• _Saved entries_:
====
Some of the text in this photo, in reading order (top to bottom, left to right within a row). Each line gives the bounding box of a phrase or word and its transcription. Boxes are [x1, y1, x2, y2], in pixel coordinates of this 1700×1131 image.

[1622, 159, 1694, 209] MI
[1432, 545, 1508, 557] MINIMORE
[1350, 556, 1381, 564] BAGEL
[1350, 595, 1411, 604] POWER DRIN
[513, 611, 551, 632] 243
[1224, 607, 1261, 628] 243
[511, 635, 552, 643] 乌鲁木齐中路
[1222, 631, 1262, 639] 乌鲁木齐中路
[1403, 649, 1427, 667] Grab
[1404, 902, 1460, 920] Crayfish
====
• _Assigned task_: With nothing added or dropped, reproduce all the data exactly.

• _Solution to this task_:
Some of the text in this photo, in reading order (top to bottom, left to right within a row). Each line gives the bounding box of a phrase or word and its transcription. Boxes are [x1, y1, x2, y2], in pixel coordinates of this 1700×1131 image.

[1622, 159, 1694, 209] MI
[1432, 545, 1508, 557] MINIMORE
[1350, 556, 1381, 564] BAGEL
[1350, 595, 1411, 604] POWER DRIN
[513, 611, 551, 632] 243
[1224, 607, 1261, 628] 243
[511, 635, 552, 643] 乌鲁木齐中路
[1222, 631, 1262, 639] 乌鲁木齐中路
[1403, 649, 1427, 667] Grab
[1404, 902, 1460, 920] Crayfish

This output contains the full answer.